Alors j'attrapai mes clés de voiture et sortis dans la nuit en écoutant s'éloigner ses lamentations. Le moteur allumé, je démarrai mon SUV imbuvable. Je me rappelai de ma Citroën 2CV bleue nommée Deudeuche, des brûlures de pétards clairsemées sur la banquette parce qu'une latte lui suffisait pour être stone. Elle sortait sa main par la fenêtre et son bras ondulé à travers le vent quand sa douce voix chantait "Space Oddity".
Seul sur la route, le paysage restait sobre et habituel. Je continuai ma fuite et après quelques heures arrivai face à la mer. Par instinct, je retirai mes chaussures et sous la grande lumière du monde, m'assis dans le sable froid, bien plus chaud que mon canapé.
Face à ce spectacle je me sentis tout petit, un Homme en somme. Une vague vint s'écraser sur le sable humide. Ce bruit et ce mouvement si particulier me ramenèrent en arrière. A l'époque où Andrea n'était pas celle qu'elle était devenue.
Je la regardais s'avancer sur le sable chaud, se figer debout devant moi avant de presser ses cheveux dorés imbibés d'eau salée sur mon torse encore juvénile.
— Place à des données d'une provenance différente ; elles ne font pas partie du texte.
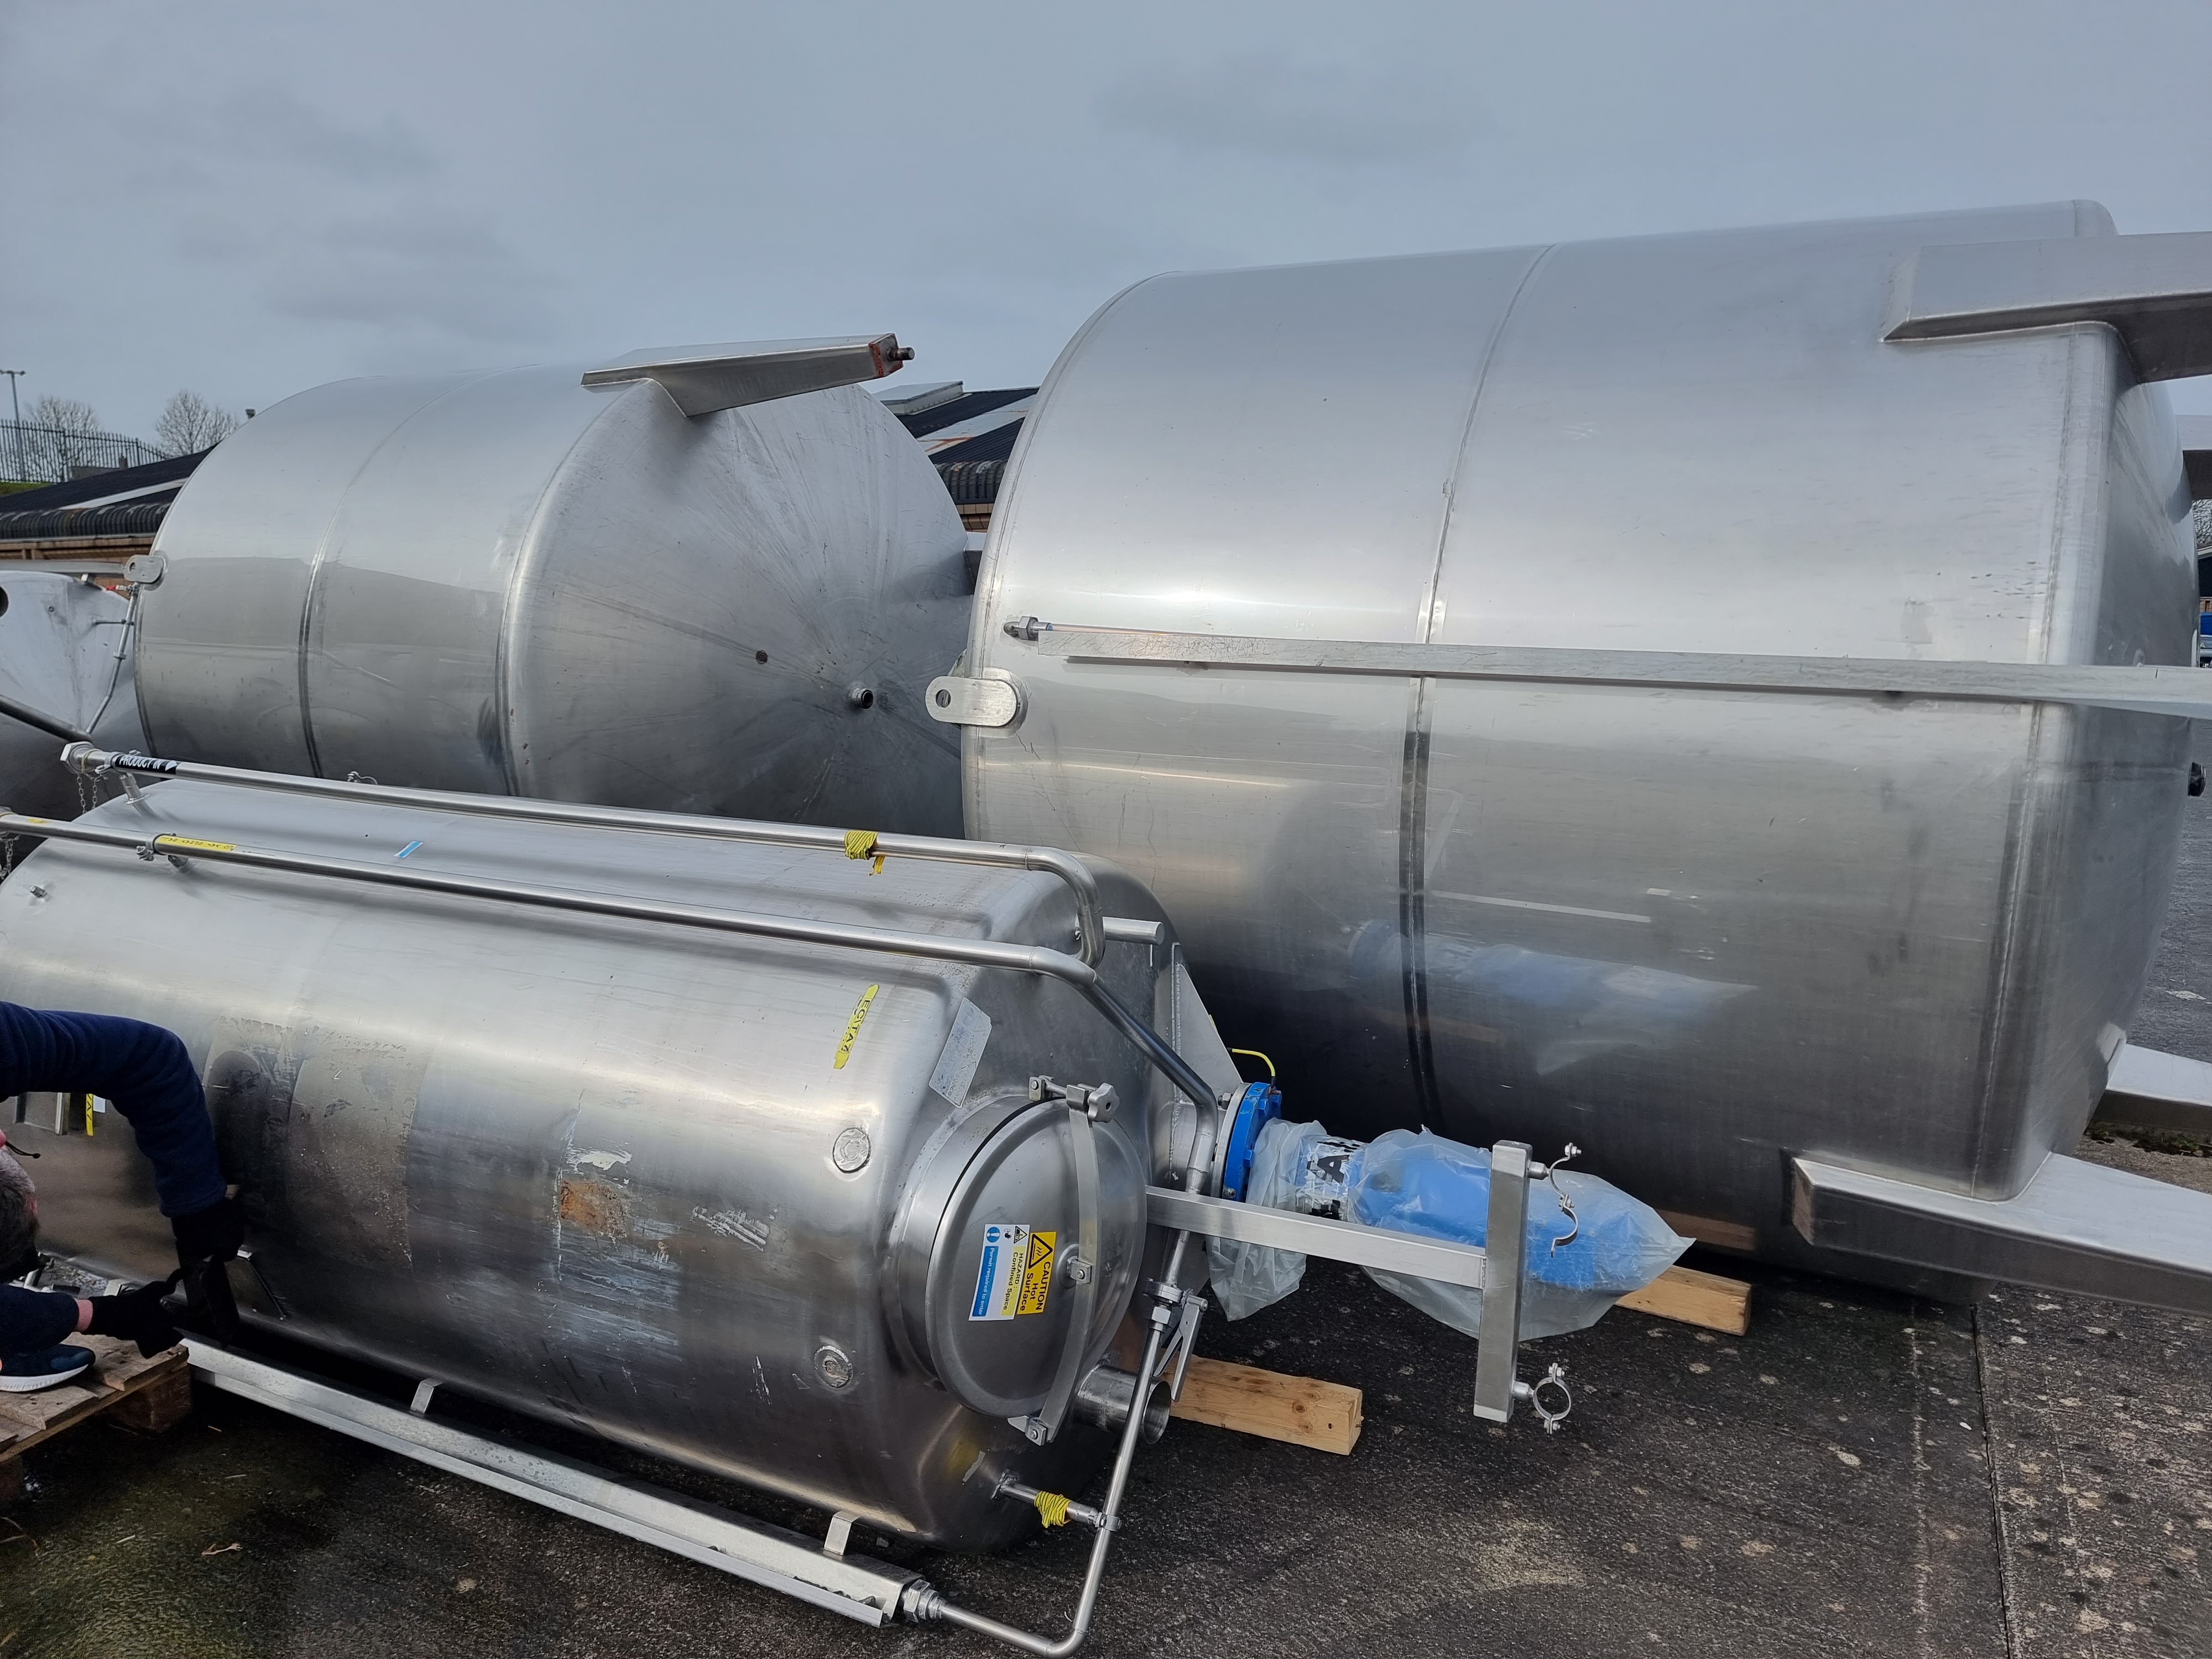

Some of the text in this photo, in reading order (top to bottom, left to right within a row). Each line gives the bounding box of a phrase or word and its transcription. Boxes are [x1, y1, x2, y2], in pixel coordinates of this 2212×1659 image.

[119, 755, 165, 769] PRODUCT IN
[1003, 1252, 1018, 1310] Confined Space
[1020, 1272, 1034, 1311] Surface
[1030, 1283, 1039, 1300] Hot
[1036, 1261, 1051, 1310] CAUTION
Ses longues boucles dansaient dans la brise marine, elle riait avec insouciance. Simplement belle, libre, épanouie, sensuelle et moi amoureux. Que s'était-il passé ? Qu'avais-je fait de cette femme lumineuse ?
En faisant glisser mon alliance autour de mon doigt, je me demandai ce qu'il me restait à faire, à vivre : me battre ou mettre un point final à ce qui fut autrefois une idylle ?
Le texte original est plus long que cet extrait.